A Racist’s Thoughts on Ending Racism

A White Girls Musings on What Might Help

We’ve found a new church in Philadelphia

Finally.

It was a rough going six weeks of church shopping that consisted of tears, ranting, bad music, and somebody coughing on the communion bread.  But we finally found a congregation where we feel at home.  A small Mennonite fellowship in West Philly.

My brother asked me how far the buggy ride from our house was.

Whomp Whomp.

It’s a progressive Mennonite church, which means the big difference (as far as I can tell) between this congregation and the United Methodist Church I grew up in is the Mennonites practice adult baptisms and active pacifism.  Mostly we feel excited because it’s a very friendly congregation and the singing… it’s a little known fact that to be a Mennonite you must have a voice like angle wings.

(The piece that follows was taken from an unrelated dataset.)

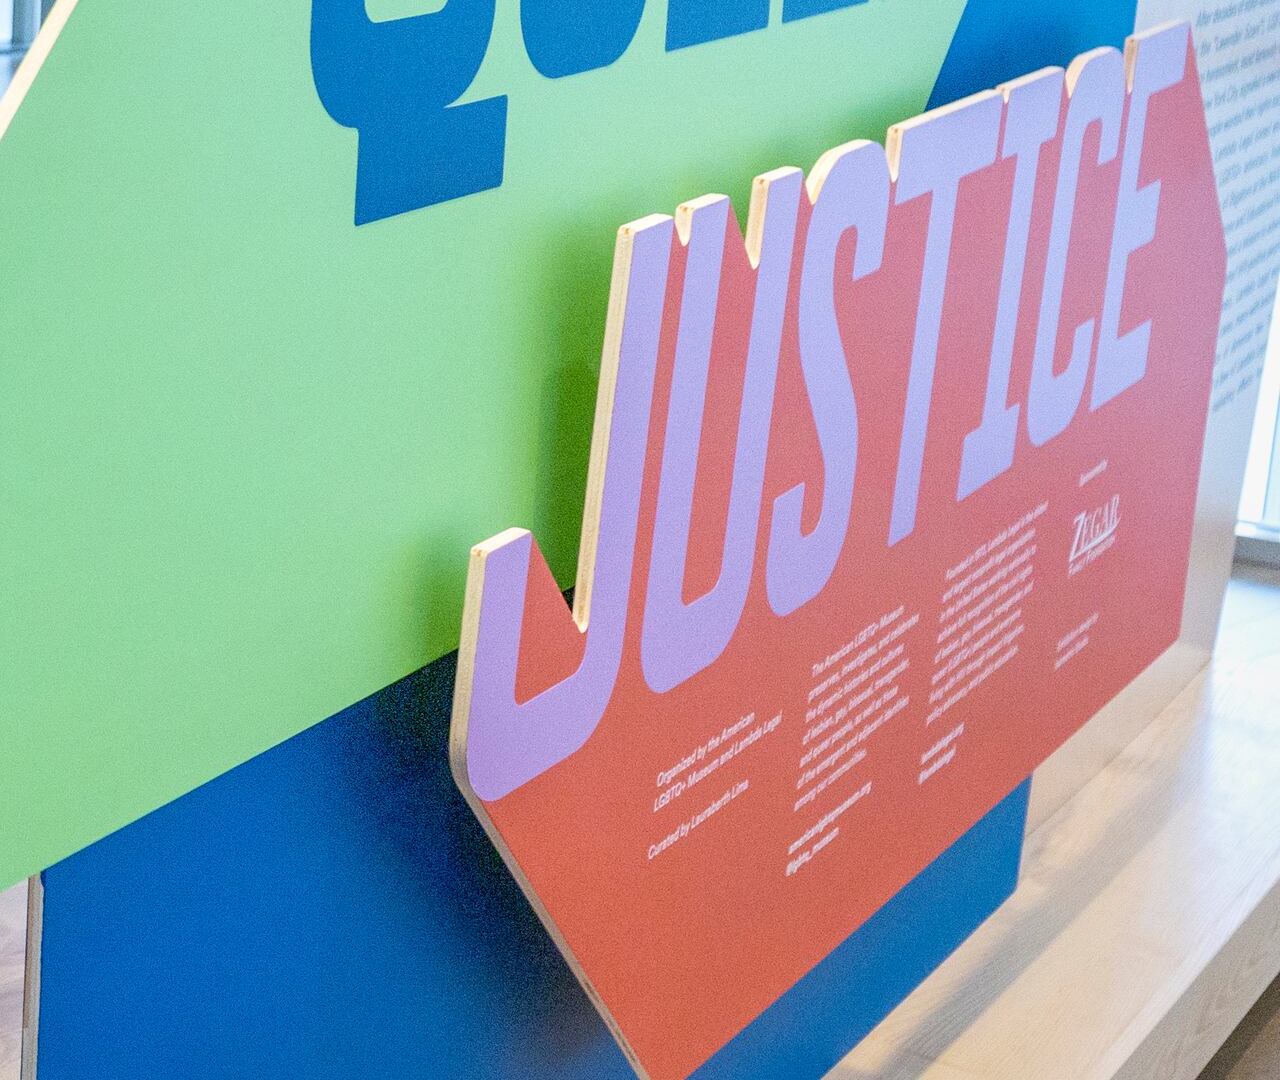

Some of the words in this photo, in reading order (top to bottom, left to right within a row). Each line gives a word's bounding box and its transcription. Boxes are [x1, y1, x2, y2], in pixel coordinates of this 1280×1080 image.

One of the things we appreciate about the congregation is, while there is a very capable pastor, she regularly gives up the reigns to the congregation.  Members lead worship, communion, music, prayer, and often times preach.  In the six weeks we’ve gone there we’ve heard the actual minister preach twice.  I love the cooperative, community feel.

One week the speaker was a member, Drick Boyd,  author of the book entitled:  White Allies in the Struggle for Racial Justice. I went home immediately and bought a copy, and highly recommend you do the same.  Boyd’s book  is groundbreaking as it demonstrates white allies have few roles models in how to be helpful and  tells the story of 18 people who challenged the status quo and fought for racial equality. His hope is it will give white allies path’s to follow in

During the church service Boyd encouraged us to confront our own racist beliefs, to really be mindful of our thoughts and actions over the next few weeks.  Through that challenge I’ve come to a horrible conclusion.

I’m racist.

Darren and I just moved to a predominately black neighborhood, struggling towards gentrification but not quite getting there.  Our first two nights in our new home our car was broken into and vandalized.  One (black) neighbor picked up our groceries we had delivered because the neighborhood kids were eying the package.  Our first day a little kid rolled up to us on his big wheel… not a tricycle but a BIG WHEEL and said with remarkable confidence “give me your money.”  At one point Darren and I both commented that living in Philadelphia is making us racist.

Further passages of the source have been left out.